The existing ammonia gas treatment technology mainly comprises an absorption method, an adsorption method, a condensation method, a catalytic oxidation method and the like. Although the absorption method can effectively remove ammonia, the absorption liquid often needs subsequent treatment, so that the treatment cost and complexity are increased; the adsorption rule has the problems of quick saturation of the adsorbent, difficult regeneration and the like; the condensation rule has higher requirements on equipment and higher energy consumption. In addition, it is often difficult to achieve efficient and thorough ammonia treatment, particularly when treating high concentrations and flows of ammonia, using these methods alone. Therefore, the ammonia gas collecting and treating device which can treat ammonia gas efficiently and safely, realize waste liquid recovery and reutilization, reduce cost and is simple and convenient to operate is particularly important.

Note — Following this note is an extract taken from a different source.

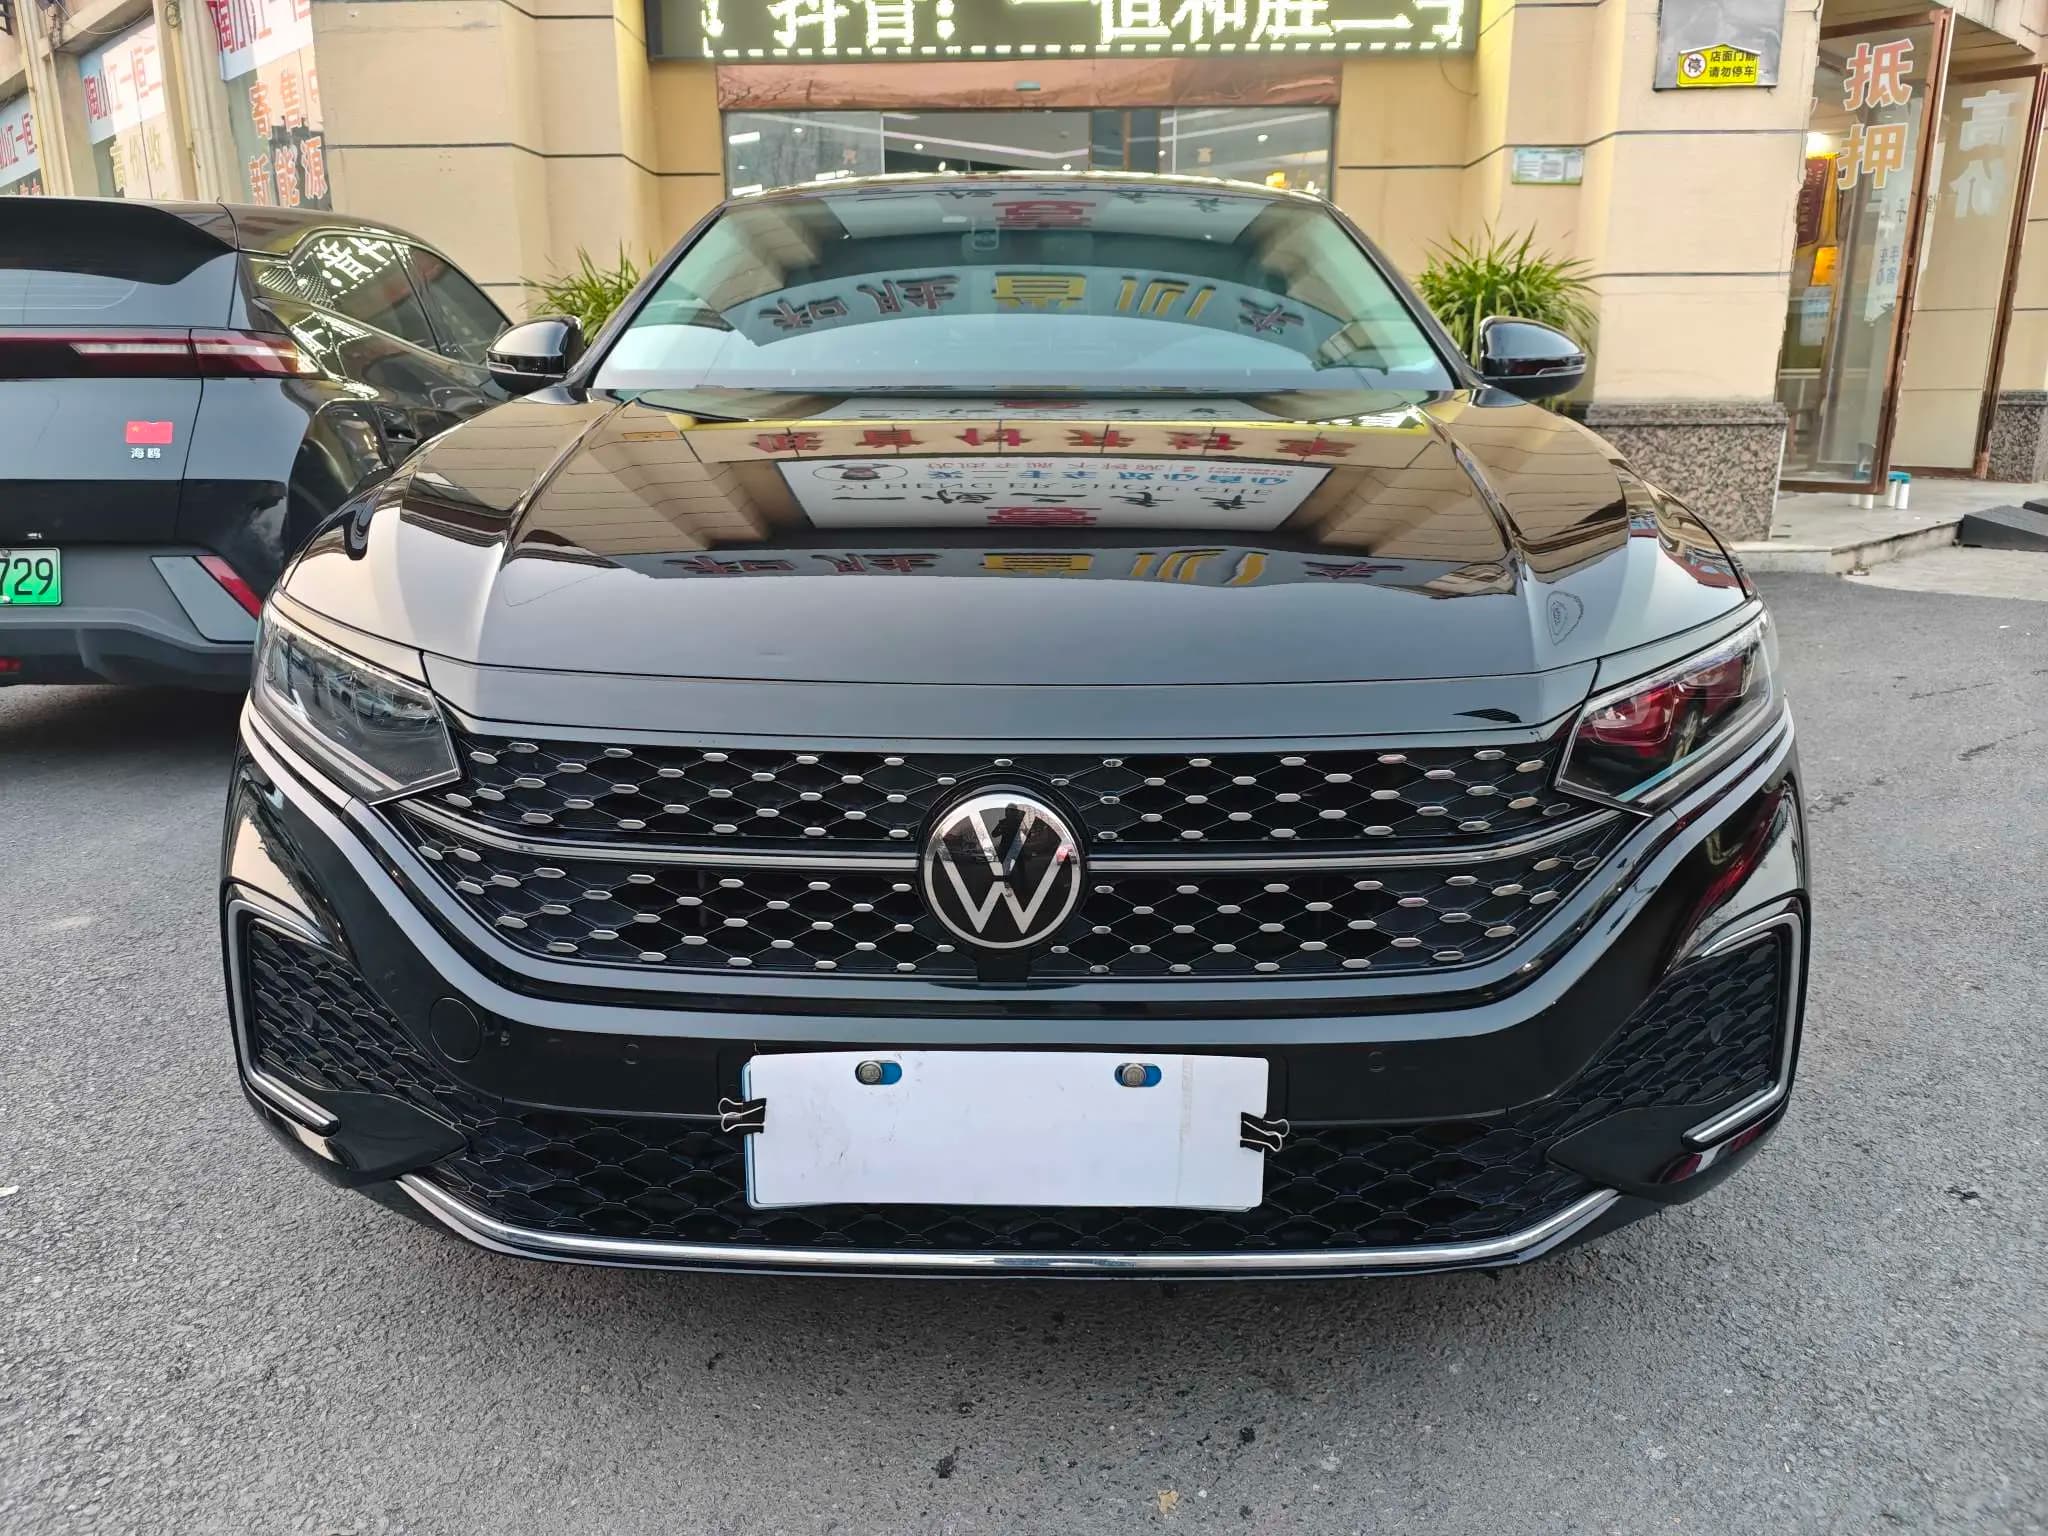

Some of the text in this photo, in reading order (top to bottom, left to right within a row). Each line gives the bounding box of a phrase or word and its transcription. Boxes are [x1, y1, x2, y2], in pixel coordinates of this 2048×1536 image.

[1709, 66, 1754, 78] 请勿停车
[1836, 37, 1914, 190] 抵押
[249, 136, 327, 206] 新能源

Disclosure of utility model
According to the defects in the prior art, the utility model aims to provide an ammonia gas collecting and treating device, which realizes the efficient purification of ammonia gas, the recycling of waste liquid and the reduction of treatment cost by optimizing the combination and flow design of the device, and provides a new solution for the treatment of ammonia gas in industrial production.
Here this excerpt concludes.